3 Lessons Youth Baseball Taught Me About Innovation

Maybe you played baseball or softball as a child and can recall the chant players belt out when the opposing team was up to bat.  In an effort to influence the outcome squeaky 9 year old voices would belt out in unison…

“Hey batter, batter, batter, batter, batter….SWING!”

Commonly, the chant decibel level was in direct proportion to amount of runs the team was behind. The greater the deficit, the louder the chant, many times reaching ear piercing scream levels.

Fast forward to today. Gone are the days of Big League chew gum in your back pocket, the sponsoring local ice cream store name plastered across your uniform back, and smudged black eye paint on your face. Today you are all grown up and playing a new game.  One of delivering new ideas to a consumer that will love it. However, you may be hearing the echoes of a different sort of chant reminiscent of your childhood years.

“Hey innovator, innovator, innovator….LAUNCH!”

Organizational leaders from across the globe are getting on their feet, putting their rally caps on, grabbing the chain link fence and desperately calling out the need for innovation. Like the good old little league days, the volume of the chant usually is in proportion to how much competition is ahead in the game. Sound familiar?

The parallels of youth baseball and innovation are not that far apart. Here’s how…

1. The Elusive Grand Slam

One of my childhood fantasies was to walk up to the plate in the bottom of the ninth inning and hit a grand slam. It would be glorious!  Fireworks, cheers from the crowd, and I would be carried off by my teammates on their shoulders and into the stuff of legends!

Many times organizations feel the same way about innovation. They want the innovation GRAND SLAM. Make us the stuff of legends!

The problem with grand slams is they don’t come around that often. Take Major League Baseball for instance. In 2012, there were 165,251 times that a professional baseball player stepped up to the plate. You know how many of those plate appearances resulted in a grand slam? Less than 0.06%. If you were expecting a grand slam, then 99.94% of the time you would be disappointed!

If you were expecting a grand slam, then 99.94% of the time you would be disappointed!

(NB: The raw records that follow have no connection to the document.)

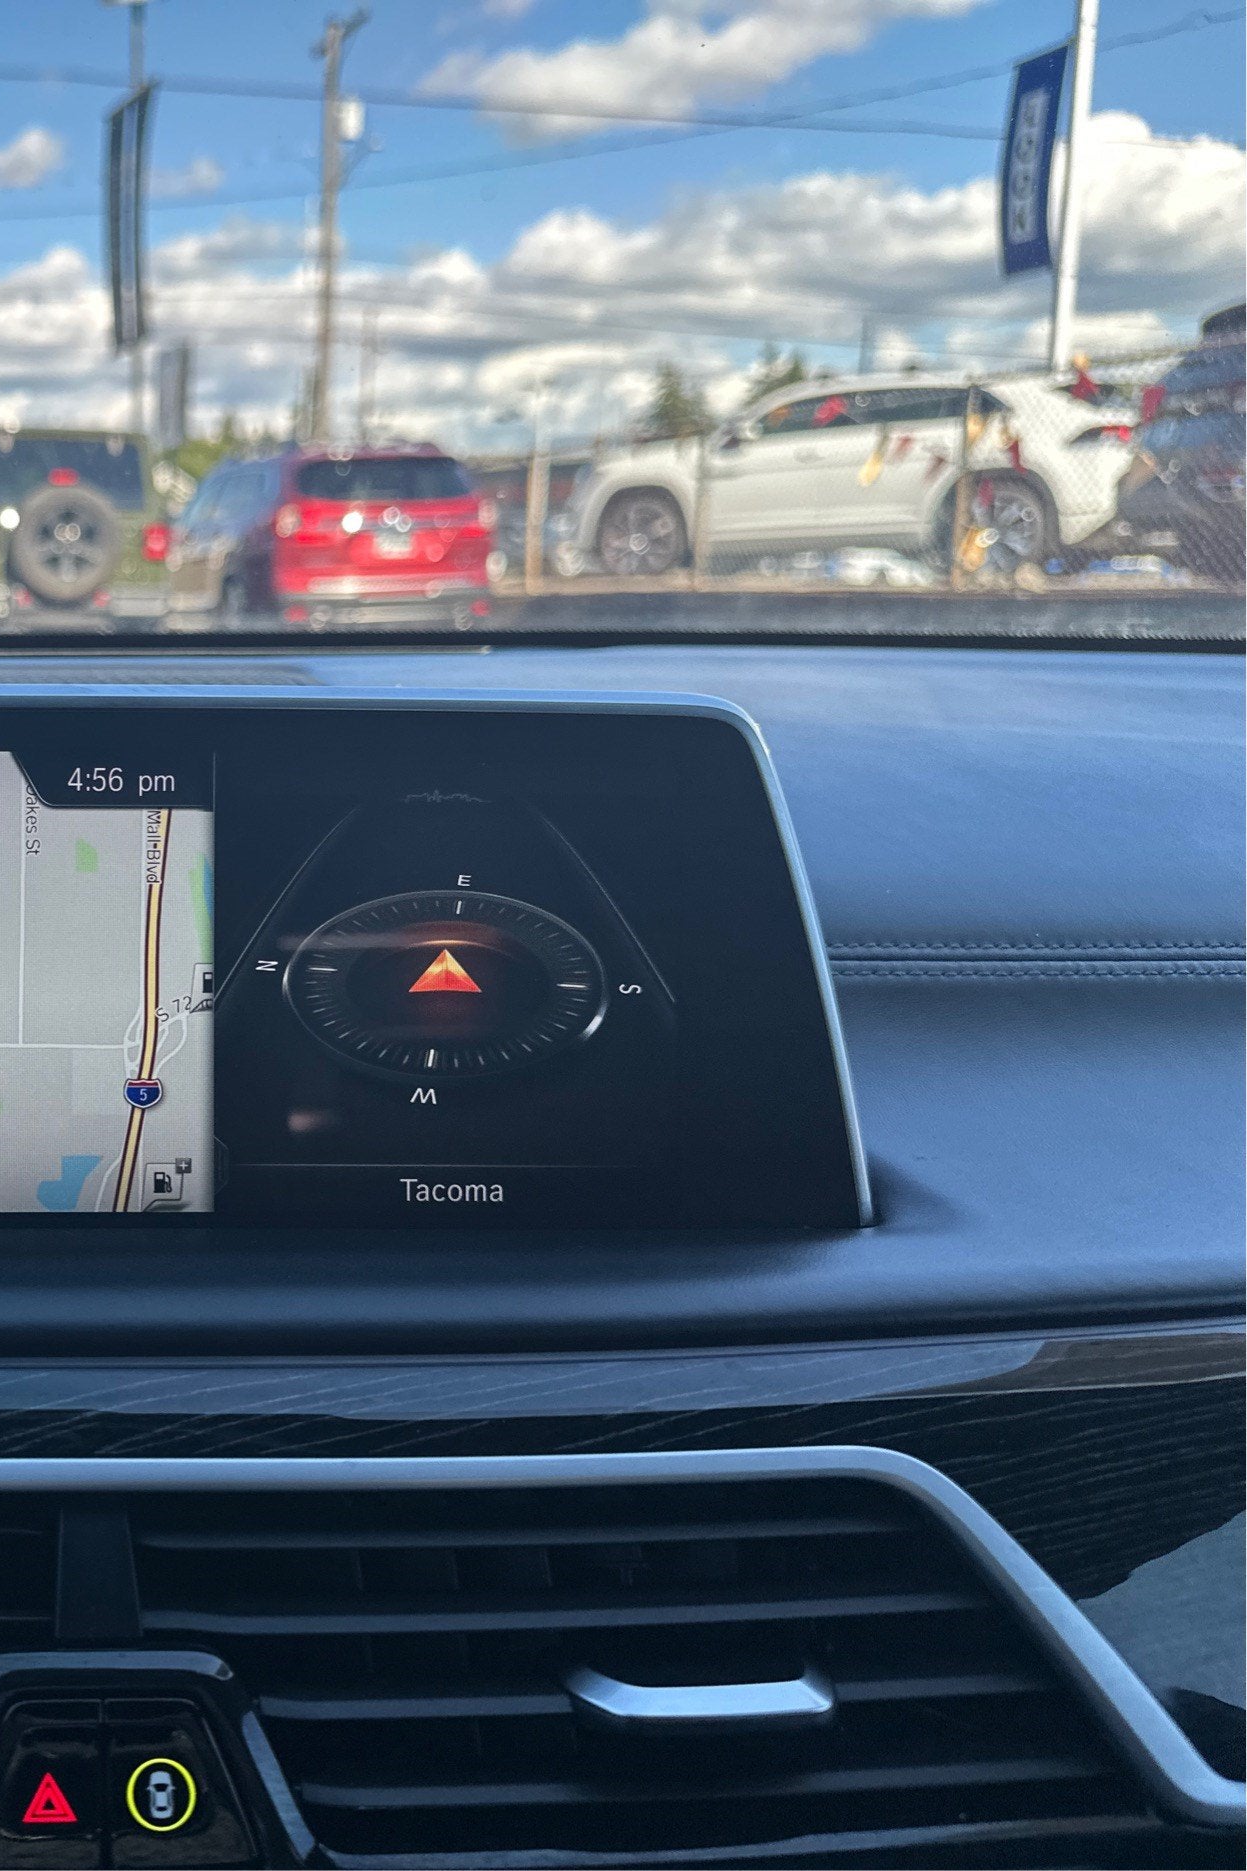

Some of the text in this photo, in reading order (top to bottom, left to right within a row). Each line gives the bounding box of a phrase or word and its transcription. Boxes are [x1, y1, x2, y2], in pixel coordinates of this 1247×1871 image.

[67, 767, 175, 797] 4:56 pm
[26, 839, 41, 856] St
[457, 874, 472, 887] E
[255, 959, 279, 972] N
[619, 983, 642, 995] S
[155, 1007, 169, 1022] S
[139, 1088, 148, 1101] 5
[399, 1178, 504, 1202] Tacoma
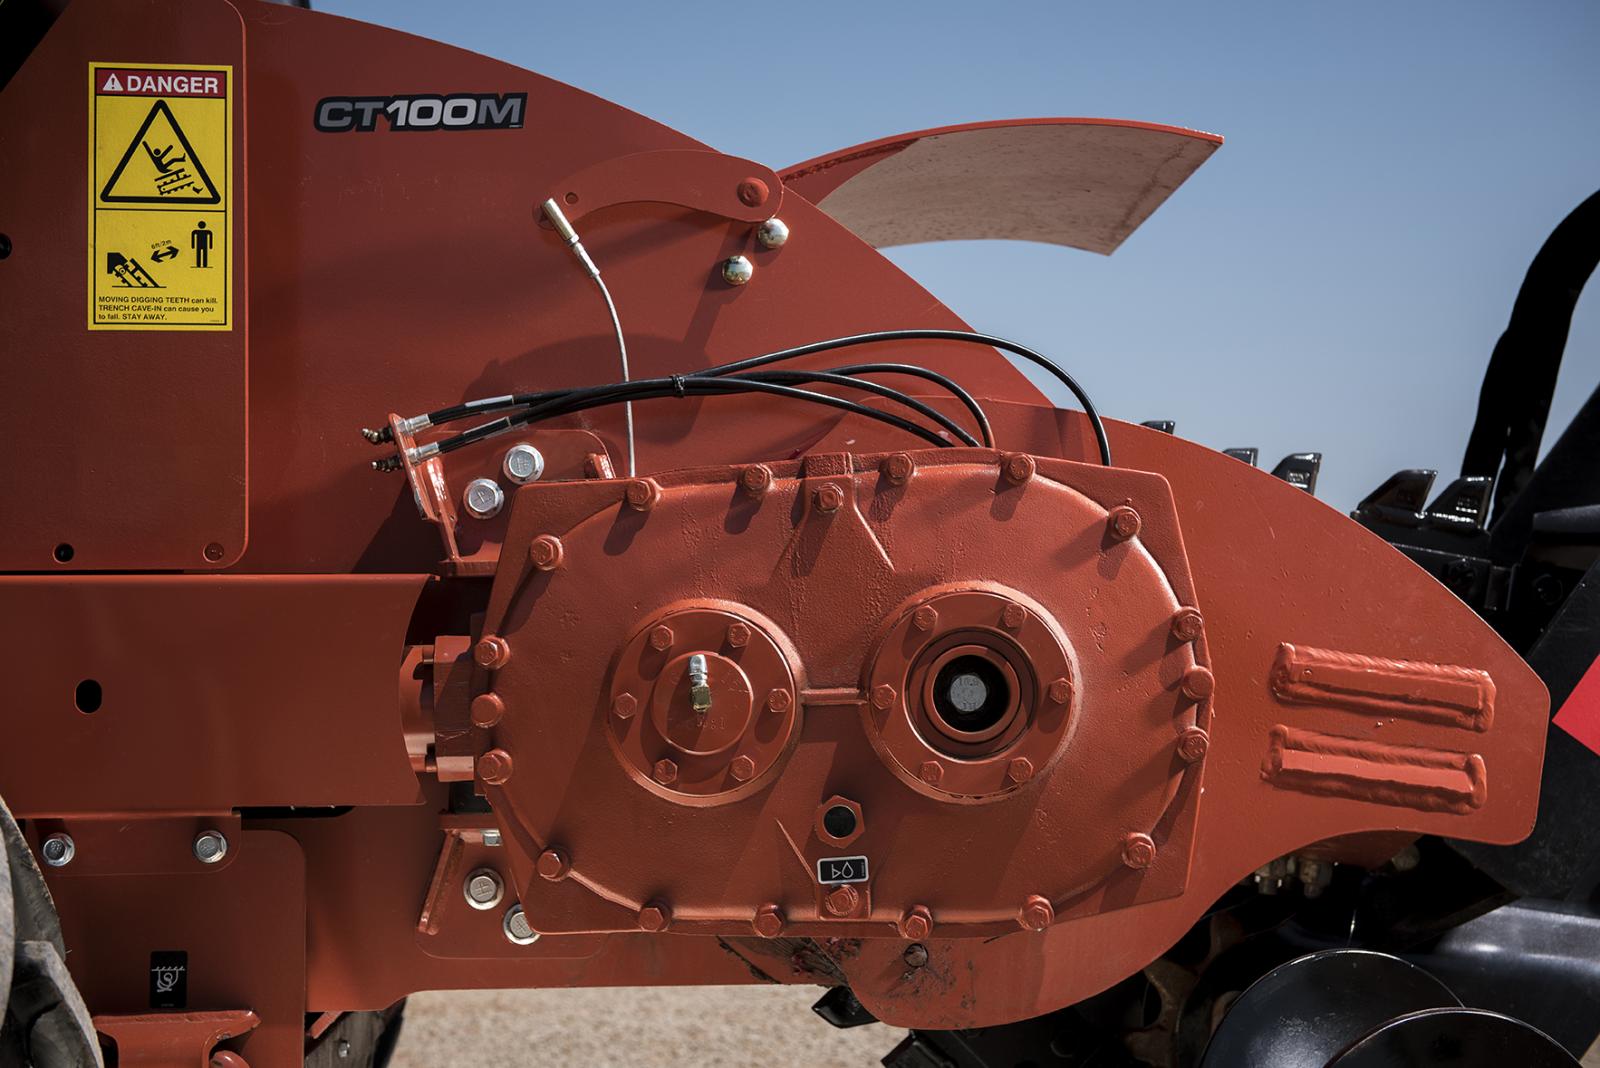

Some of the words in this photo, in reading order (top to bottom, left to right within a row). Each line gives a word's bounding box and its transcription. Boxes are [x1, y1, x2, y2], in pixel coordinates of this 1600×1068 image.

[127, 75, 219, 94] DANGER
[318, 98, 523, 128] CT100M
[131, 296, 164, 304] DIGGING
[99, 304, 130, 312] TRENCH
[131, 304, 162, 312] CAVE-IN
[200, 306, 214, 314] you
[143, 313, 167, 321] AWAY.
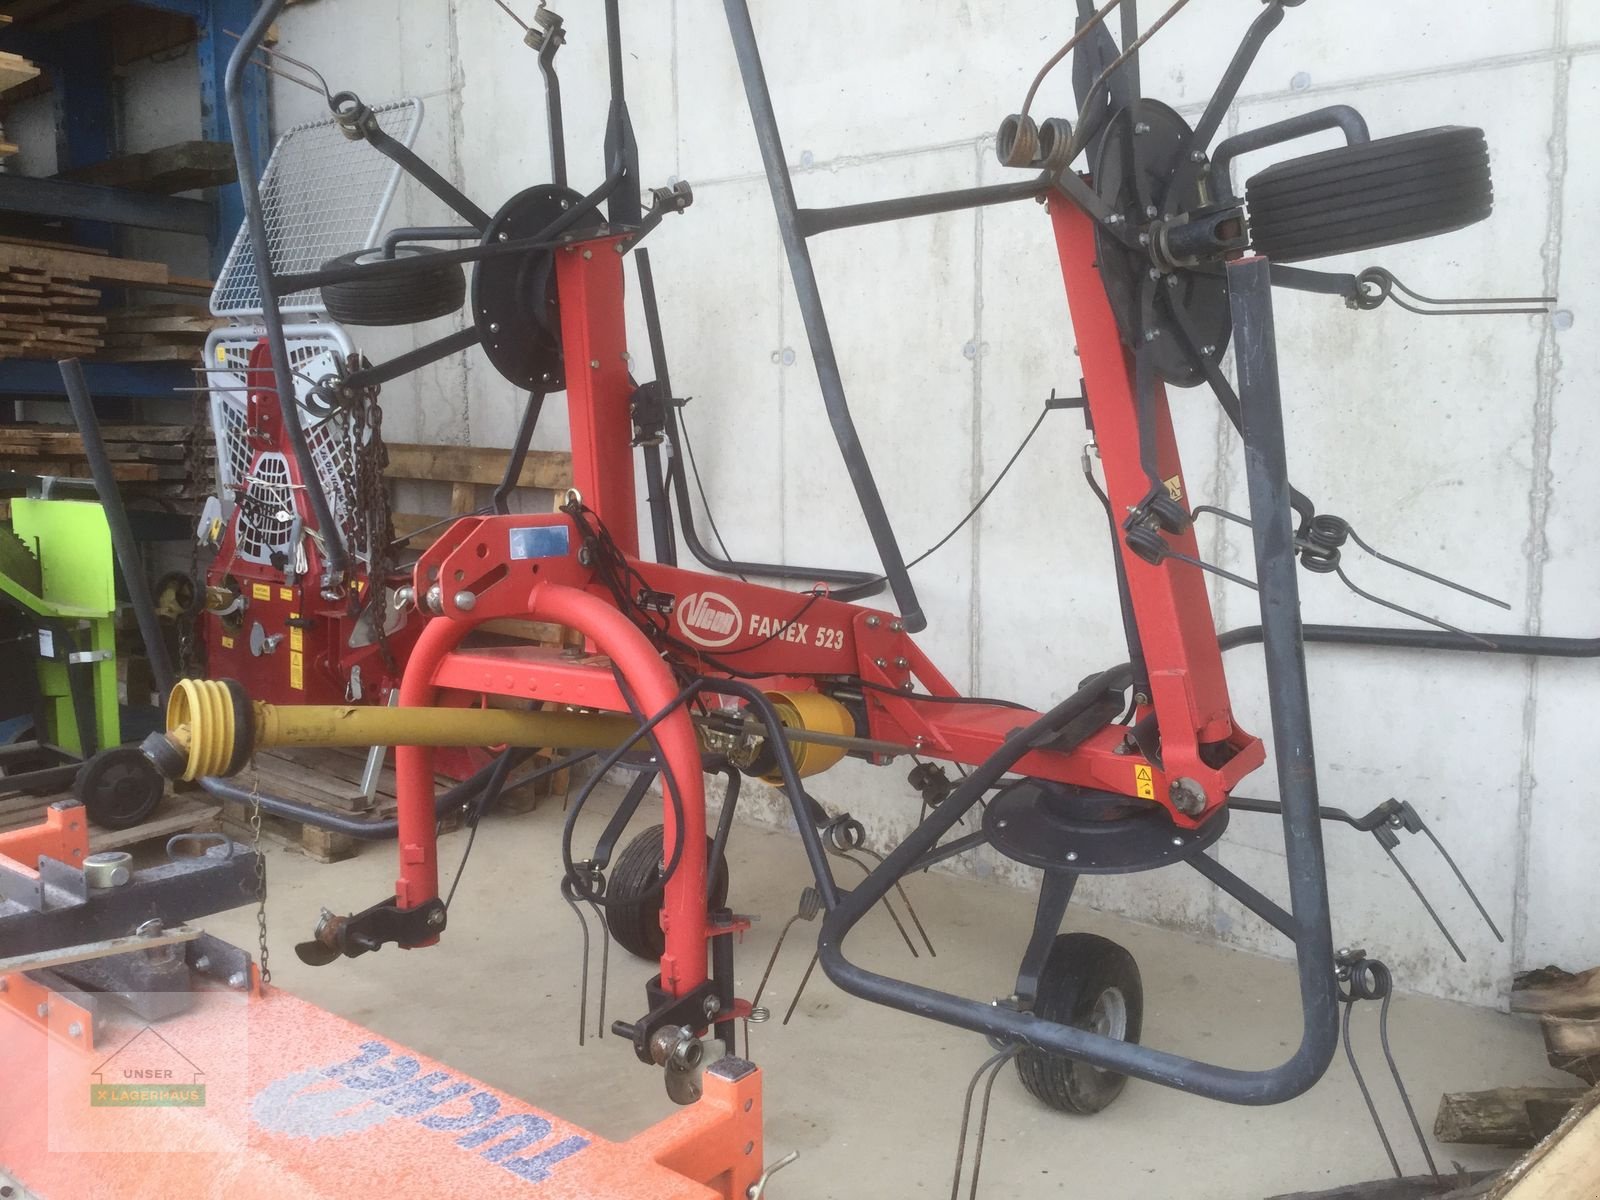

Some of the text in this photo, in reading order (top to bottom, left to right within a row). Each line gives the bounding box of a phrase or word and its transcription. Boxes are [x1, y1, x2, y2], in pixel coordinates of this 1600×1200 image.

[684, 593, 737, 636] Vicon
[748, 614, 845, 650] FANEX 523

An innovation game plan that is based exclusively on innovation grand slams is like banking on a lottery ticket for your retirement plan. Don’t be surprised if it doesn’t happen. IRI’s Innovation Pacesetters proves this out every year. Of the tens of  thousands of new product launches every year, only a handful even hit it to the warning track, fewer out of the park, with a grand slam coming along once in a great while. Swinging for the fence can be great, but know your percentages. Know that singles, doubles, and triples turn into runs more frequently then swinging out of your shoes every time up.

2. Everyone Can’t Pitch

Ask anyone under 10 years old what position they want to play in Little League and you will overwhelmingly hear “pitcher”. Teammates of my nine-year-old son’s baseball team asked the coach so frequently to pitch that he instituted a rule that anyone who asked to pitch wouldn’t be allowed to for the next two games!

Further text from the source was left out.